Vu la procédure suivante :
Procédure contentieuse antérieure :
La SARL DEUTSCH AUTOS a demandé au Tribunal administratif de Versailles de prononcer la décharge des rappels de taxe sur la valeur ajoutée et des pénalités correspondantes qui lui ont été réclamés au titre de la période du 15 décembre 2004 au 31 décembre 2005.
Par un jugement n° 1001652 du 10 avril 2014, le Tribunal administratif de Versailles a rejeté sa demande.

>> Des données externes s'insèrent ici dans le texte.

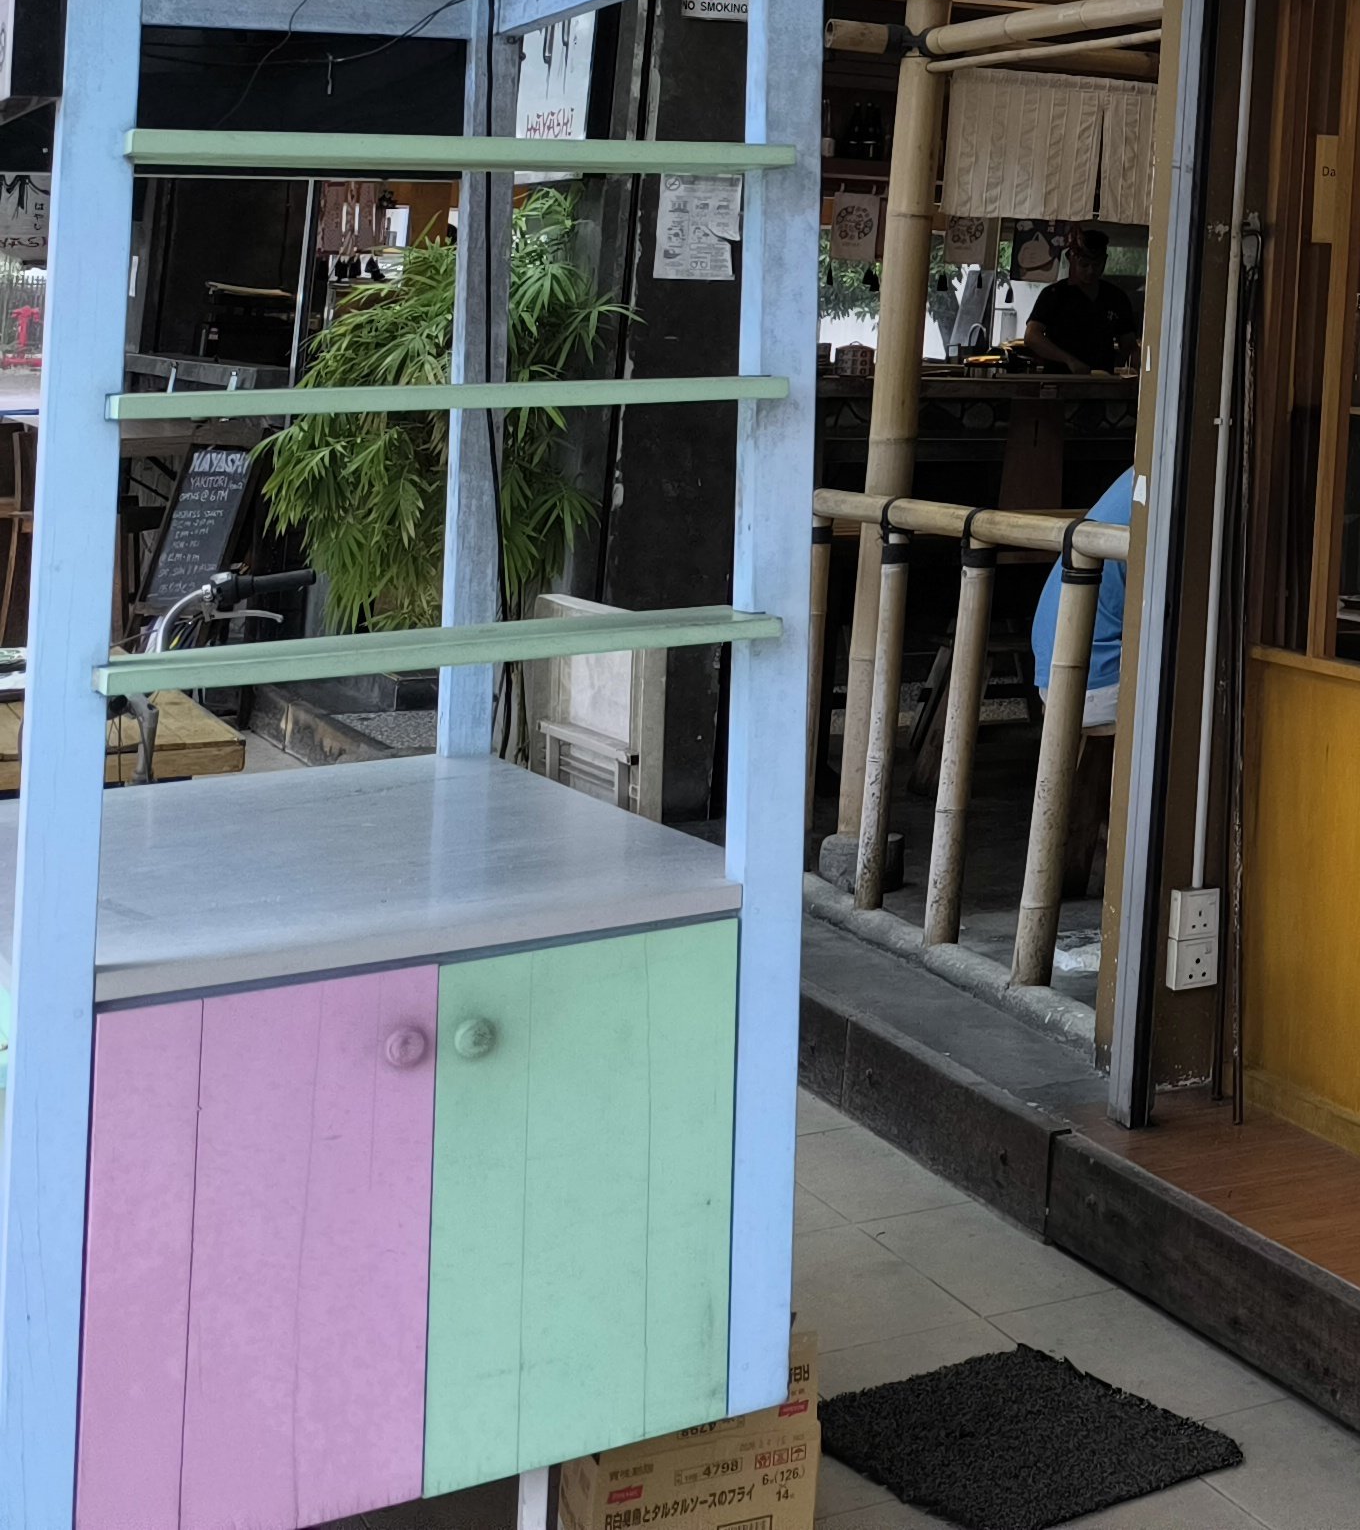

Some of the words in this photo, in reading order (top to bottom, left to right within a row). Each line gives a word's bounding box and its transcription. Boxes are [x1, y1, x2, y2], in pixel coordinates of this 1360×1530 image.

Procédure devant la Cour :
Par une requête enregistrée le 10 juin 2014, la SARL DEUTSCH AUTOS représentée par Mes Orbillot et Sarvary-Bene, avocats, demande à la Cour :
1° d'annuler ce jugement ;
2° de prononcer la décharge des rappels de taxe sur la valeur ajoutée et des pénalités correspondantes qui lui ont été réclamés au titre de la période du 15 décembre 2004 au
31 décembre 2005 ;
3° de mettre à la charge de l'Etat le versement de la somme de 3 000 euros sur le fondement de l'article L. 761-1 du code de justice administrative.
Elle soutient que :
- la réponse aux observations du contribuable, qui ne répond pas à sa contestation, de la position du service concernant les acquisitions intracommunautaires en France qui auraient été réalisées par les fournisseurs de la requérante, est insuffisamment motivée au regard des dispositions de l'article L. 57 du livre des procédures fiscales ;
- elle se bornait à répercuter sur les reventes des véhicules le régime de la taxe sur la valeur ajoutée sur marge appliqué par ses fournisseurs espagnols ;
- lors de l'acquisition des véhicules et leur francisation un agent des impôts contrôlait les documents fournis par le gérant de la société et lui délivrait les certificats n° 1993 CDI ce qui signifiait nécessairement que la revente en France pouvait être soumise au régime de la taxe sur marge ;
- elle ne pouvait pas avoir accès à l'information donnée par le vérificateur, à la supposer exacte, selon laquelle ses fournisseurs espagnols auraient déclaré depuis l'Espagne des livraisons intracommunautaires exonérées de taxe sur la valeur ajoutée ;
- l'administration ne démontre ni que les mentions portées sur les factures émises par ses fournisseurs auraient été erronées, ni que la requérante savait ou aurait dû savoir que les opérations présentaient le caractère d'acquisitions intracommunautaires taxables sur l'intégralité du prix de revente à ses propres clients ;
- la requérante avait vérifié que ses fournisseurs existaient effectivement et qu'ils avaient un numéro d'assujettissement à la taxe sur la valeur ajoutée ;
- son gérant, âgé de 22 ans, n'avait aucune expérience antérieure dans le domaine des ventes automobiles ;
- la société avait produit au service des impôts responsable de la délivrance des certificats d'acquisition n° 1993 CDI les mêmes documents que ceux qui lui sont opposés par le vérificateur, sans provoquer de remarques de la part de ce service ;
- la requérante avait fait l'objet d'une enquête concernant d'éventuels manquements aux règles de facturation, qui n'a jamais abouti ;
- il est difficile de deviner qu'un véhicule provenant d'Allemagne ayant appartenu à un professionnel d'après la carte grise initiale ne donnera pas lieu à l'application du régime de la taxe sur marge par un acquéreur intermédiaire dans un autre Etat membre dont les règles internes de déduction sont différentes des règles allemandes.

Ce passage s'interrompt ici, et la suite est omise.